(RECORDED DATA)
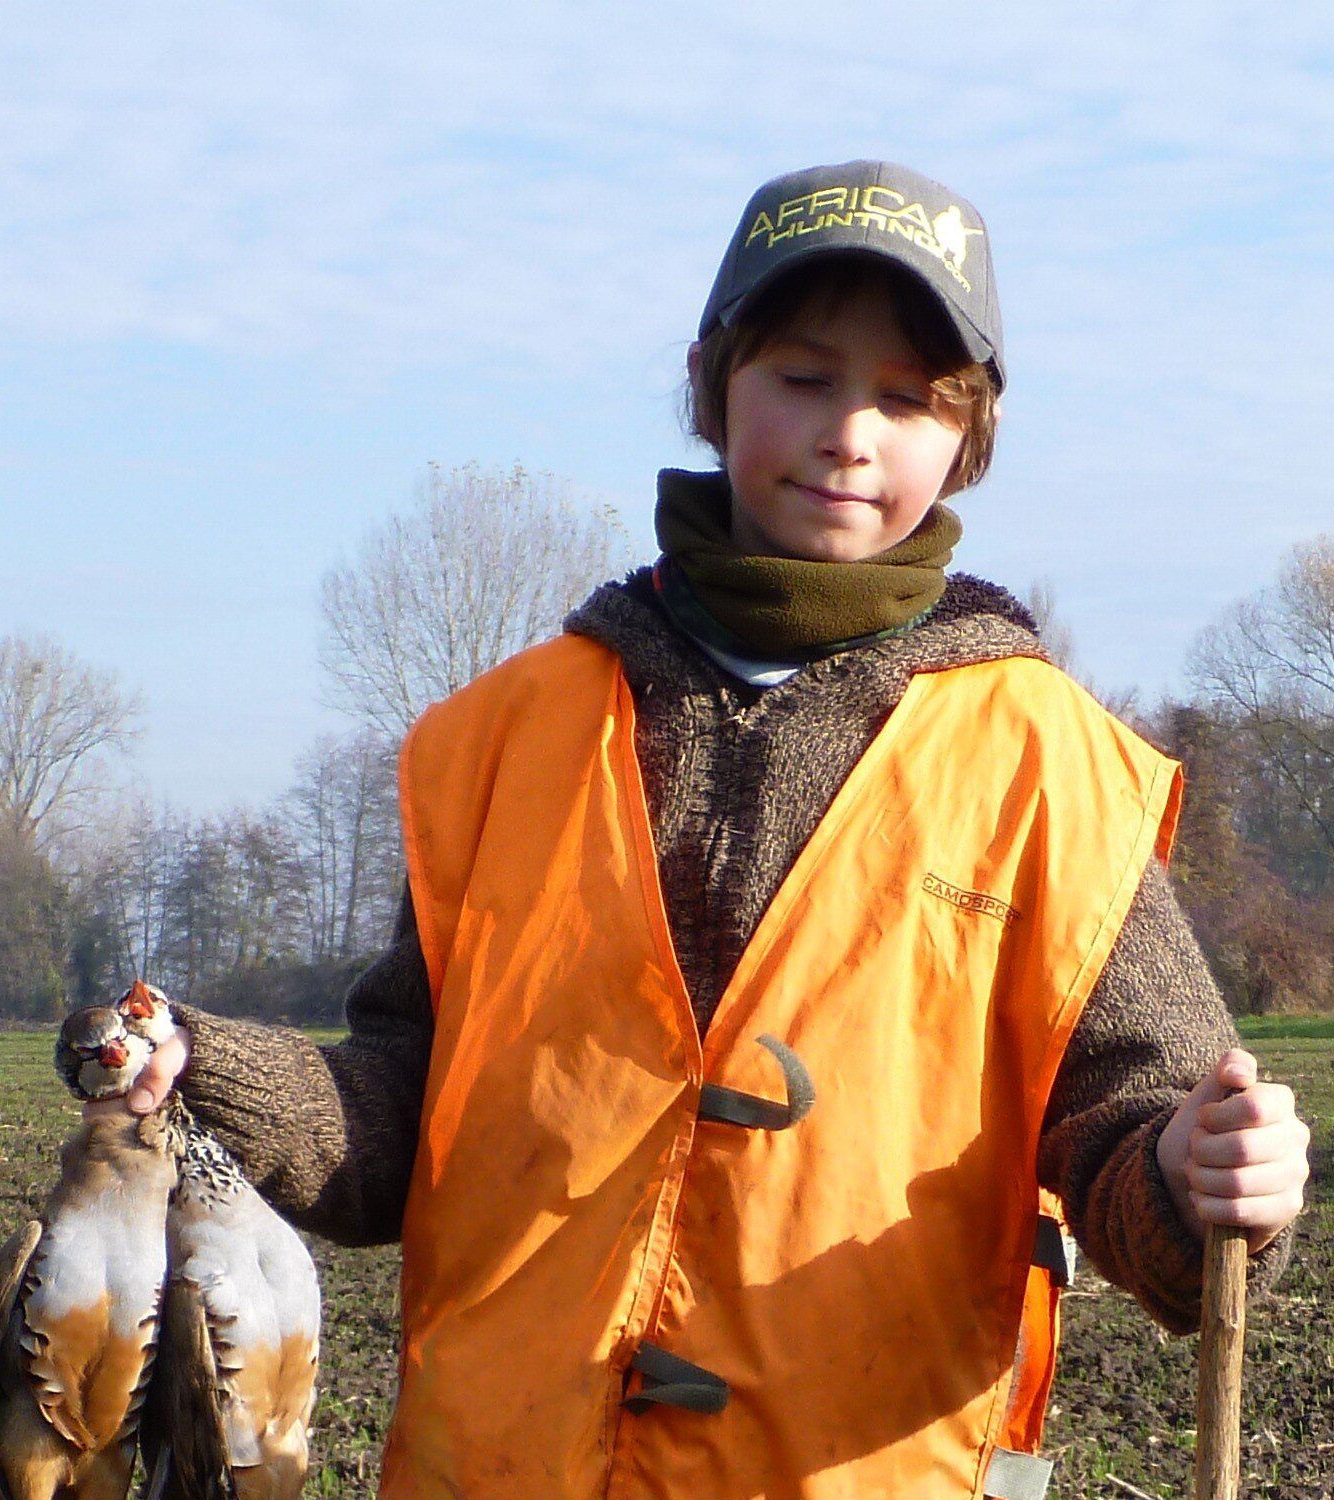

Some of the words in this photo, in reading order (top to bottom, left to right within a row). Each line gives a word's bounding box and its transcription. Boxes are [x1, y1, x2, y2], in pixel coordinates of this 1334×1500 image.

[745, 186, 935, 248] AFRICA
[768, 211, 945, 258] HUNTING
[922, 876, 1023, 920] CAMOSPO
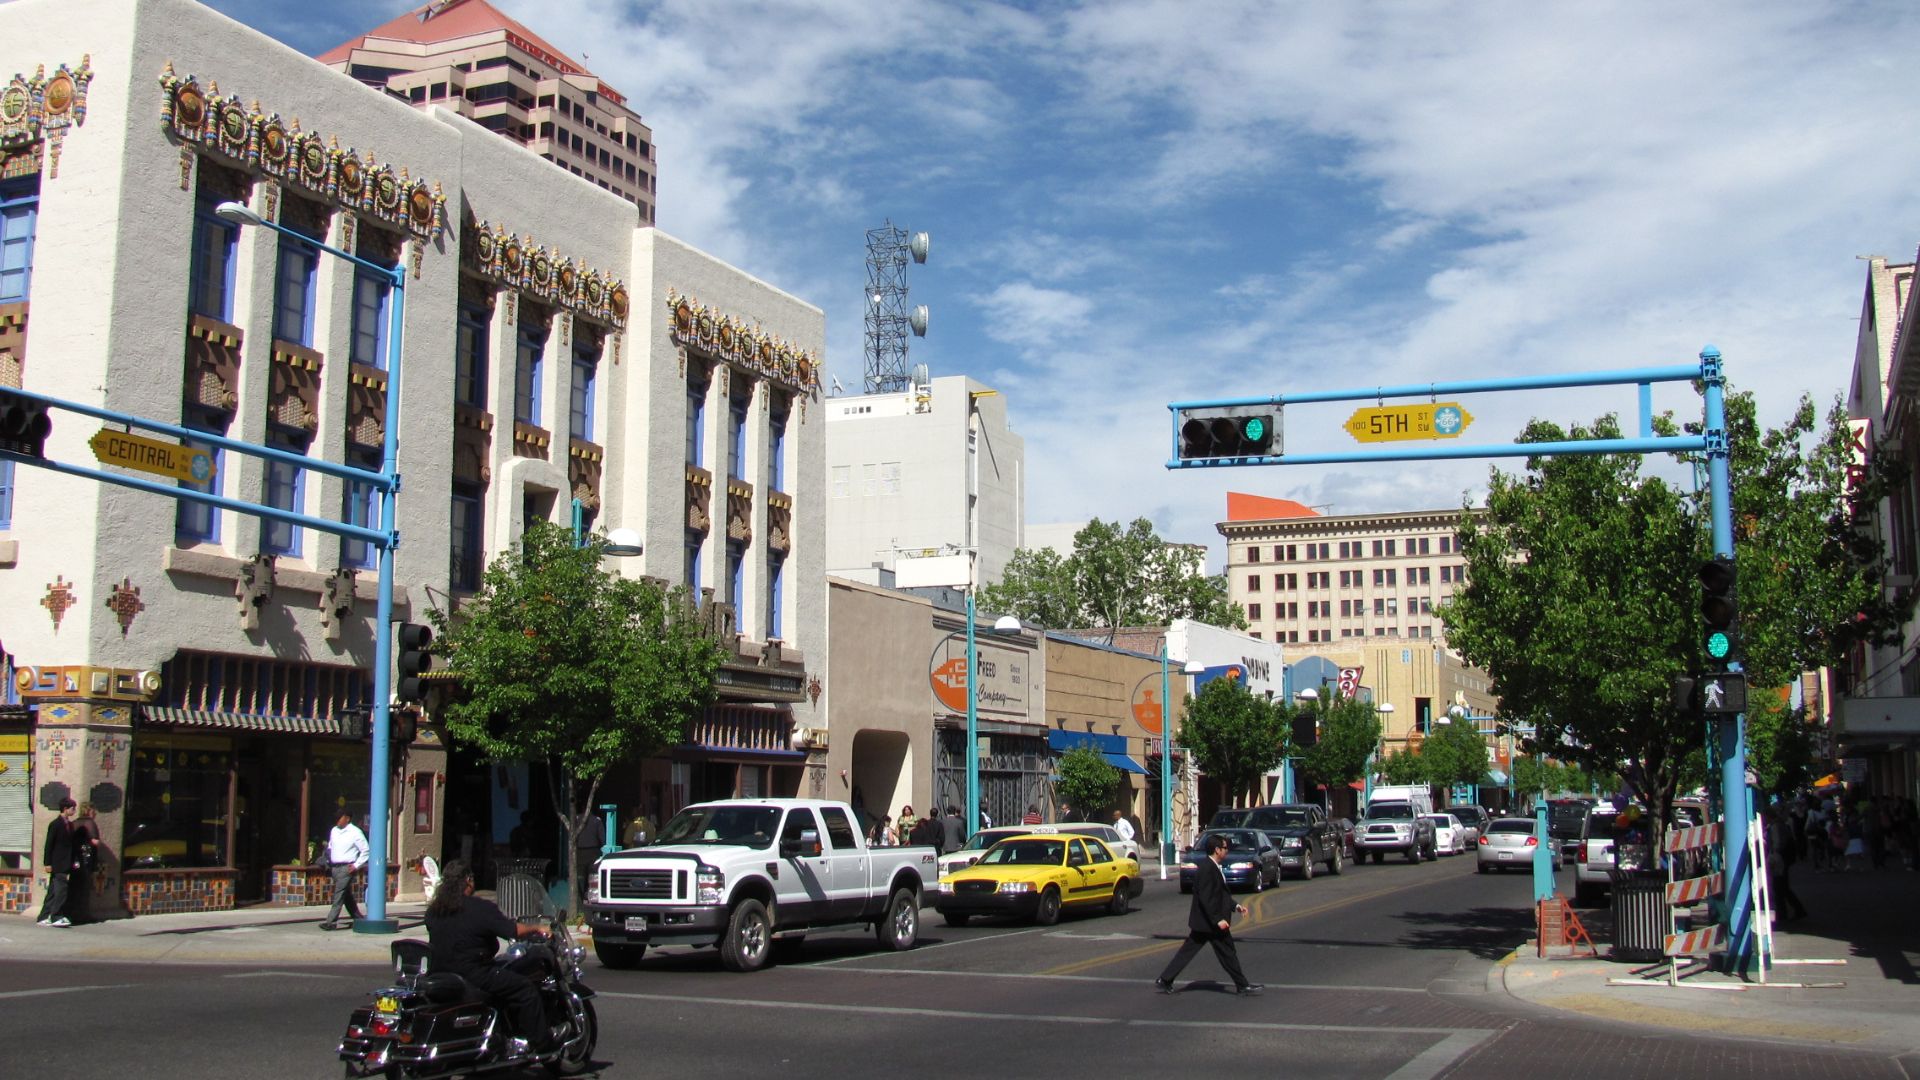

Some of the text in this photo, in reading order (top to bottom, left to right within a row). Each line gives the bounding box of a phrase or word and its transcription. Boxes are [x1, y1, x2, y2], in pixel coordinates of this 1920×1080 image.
(End RECORDED DATA)
> _TASK_
Would you write out an exact copy of the entries above, with no images?

> _EXERCISE ANSWER_
Some of the words in this photo, in reading order (top to bottom, left to right within a row). Each line gives a word's bounding box and its transcription. Boxes are [x1, y1, x2, y2], in pixel coordinates of this 1334×1500 image.

[745, 186, 935, 248] AFRICA
[768, 211, 945, 258] HUNTING
[922, 876, 1023, 920] CAMOSPO

Some of the text in this photo, in reading order (top to bottom, left to right within a row). Each line gives the bounding box of a phrase or word and its transcription. Boxes are [x1, y1, x2, y2], in pixel coordinates of this 1920×1080 image.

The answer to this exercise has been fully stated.